La Mauritanie a connu au cours des deux dernières décennies, une augmentation significative du nombre de banques, même si certains ne voient aucune justification à cette prolifération compte tenu de la taille relativement modeste de l'économie nationale et du faible taux d’accès de la population aux services bancaires.
On peut citer parmi les raisons qui ont incité les gouvernements successifs à accorder toutes ces licences, des facteurs fondamentaux, notamment la libéralisation du secteur, la facilitation de l'accès de la population aux banques, le rapprochement de leurs services et l'incitation du secteur non réglementé à s'intégrer au cycle économique et à accroître la production.
Cependant, au fil du temps, les résultats ont failli être quasi nuls, s’ils ne sont pas négatifs, avec notamment la liquidation de deux banques et l’état préoccupant ou n’est pas du tout satisfaisant qui caractérisaient certaines autres.
Les banques locales se sont lancées au début de 2020, dans une compétition des applications mobiles numériques.

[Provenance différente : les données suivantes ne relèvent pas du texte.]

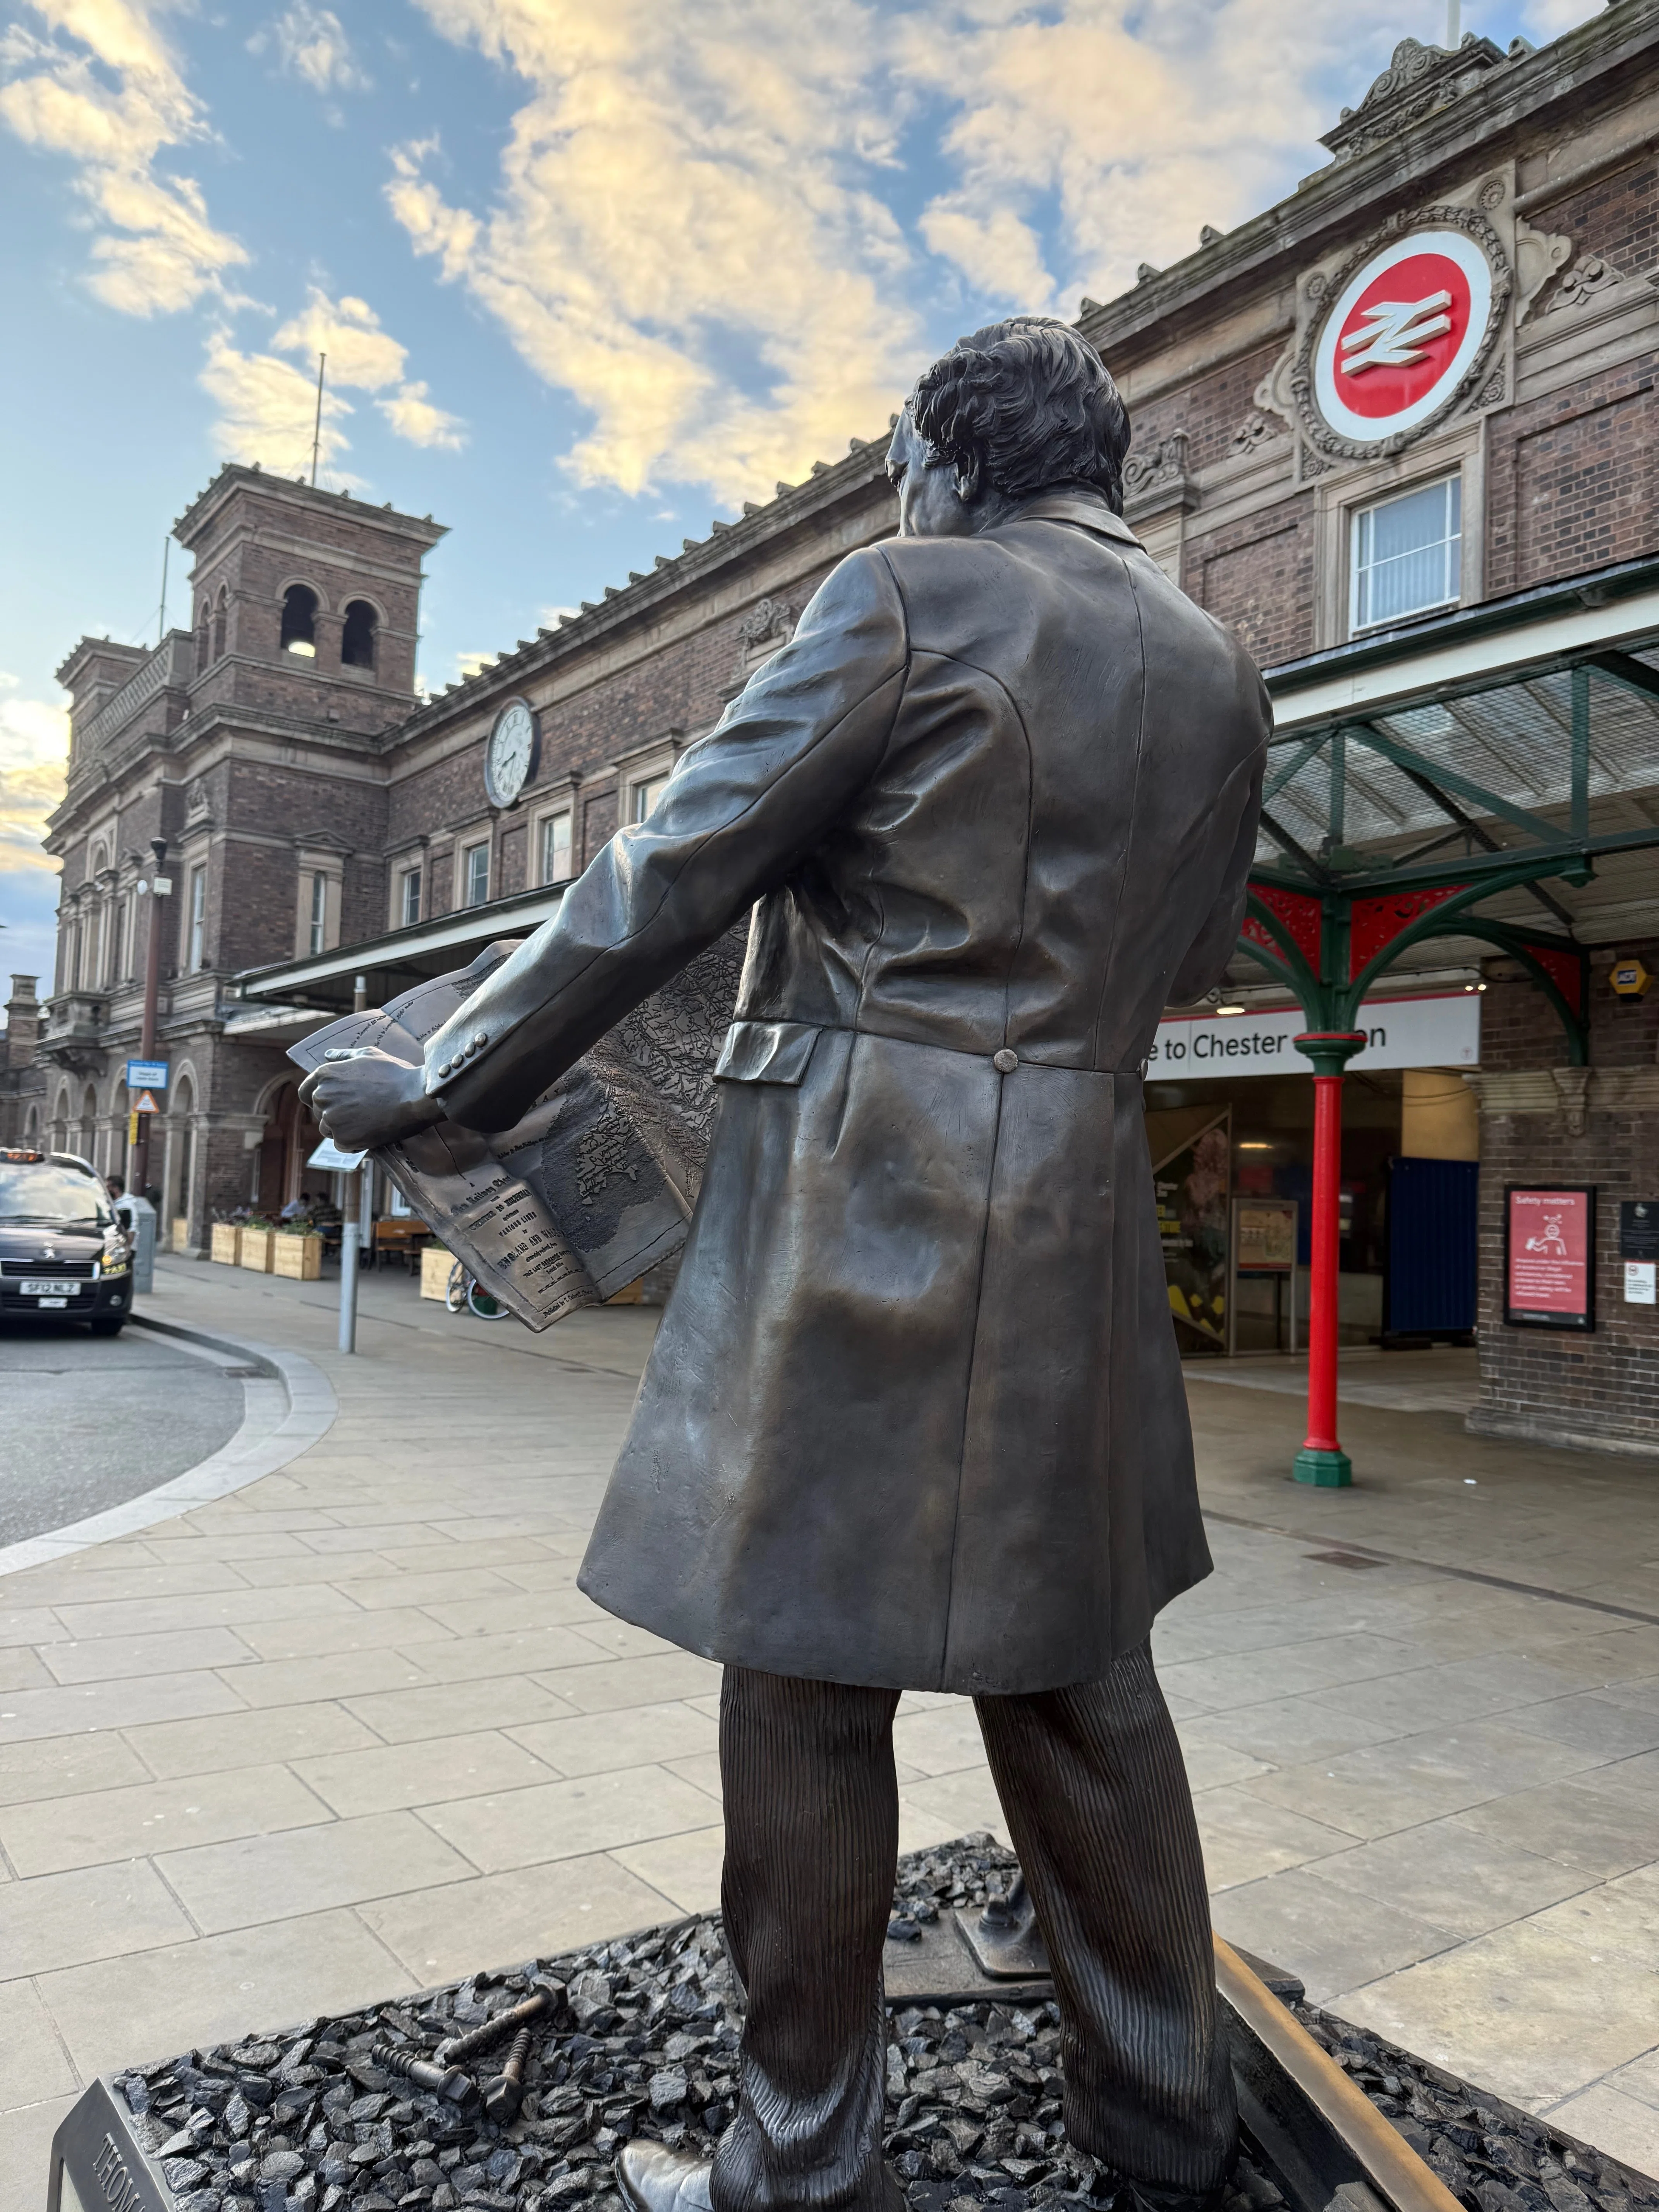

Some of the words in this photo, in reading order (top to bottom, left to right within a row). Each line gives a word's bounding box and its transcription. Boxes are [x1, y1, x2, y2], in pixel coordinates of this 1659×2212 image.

Il s'agissait d'un fait sans précédent vers le rapprochement de certains services de base de la population, même si le régulateur (la Banque Centrale de Mauritanie) n'avait pas pris les mesures nécessaires pour mettre en place le cadre juridique réglementant ces nouveaux services.
Ce phénomène a permis d'atteindre, en un temps record, certains des objectifs les plus importants du gouvernement, notamment en facilitant l'accès de la population aux services bancaires, en classant certains secteurs d'activité et en poursuivant d'autres objectifs tous aussi importants.

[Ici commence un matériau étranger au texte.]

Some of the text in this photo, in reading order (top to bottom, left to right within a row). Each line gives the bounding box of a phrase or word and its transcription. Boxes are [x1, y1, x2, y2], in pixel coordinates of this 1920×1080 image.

Quelques indicateurs bancaires et leur évolution depuis 2020 :
L'ensemble des indicateurs économiques et financiers des banques mauritaniennes a enregistré une croissance inédite au cours des quatre dernières années (2020-2024). A titre d’exemple:
- Le volume des dépôts a doublé, passant de près de MRU 72 milliards ouguiyas à la fin de 2020 à plus de MRU 144 milliards ouguiyas à la fin de 2024.
- Le volume des financements a également connu une évolution remarquable, passant d'un total de MRU 66 milliards ouguiyas environ à plus de MRU 109 milliards ouguiyas au cours de la même période.

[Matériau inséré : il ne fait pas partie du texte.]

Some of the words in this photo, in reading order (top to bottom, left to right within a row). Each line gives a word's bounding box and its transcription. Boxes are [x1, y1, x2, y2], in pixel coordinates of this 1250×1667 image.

Cependant, l’évolution spectaculaire est représentée par l'indice d'accès de la population aux services bancaires (nombre de comptes bancaires), qui a quintuplé, passant d'environ 500 000 comptes à la fin de 2020 à près de 2,5 millions à la fin de 2024, hors comptes de portefeuille électronique, qui se comptent par centaines de milliers.
Face à ce phénomène croissant, il est devenu alors nécessaire d'élaborer des politiques bancaires garantissant les droits des utilisateurs, conformes aux engagements de la Banque Centrale envers ses partenaires internationaux en matière de la conformité, de la lutte contre le blanchiment d’argent et le financement du terrorisme et adaptées aussi à la réalité actuelle.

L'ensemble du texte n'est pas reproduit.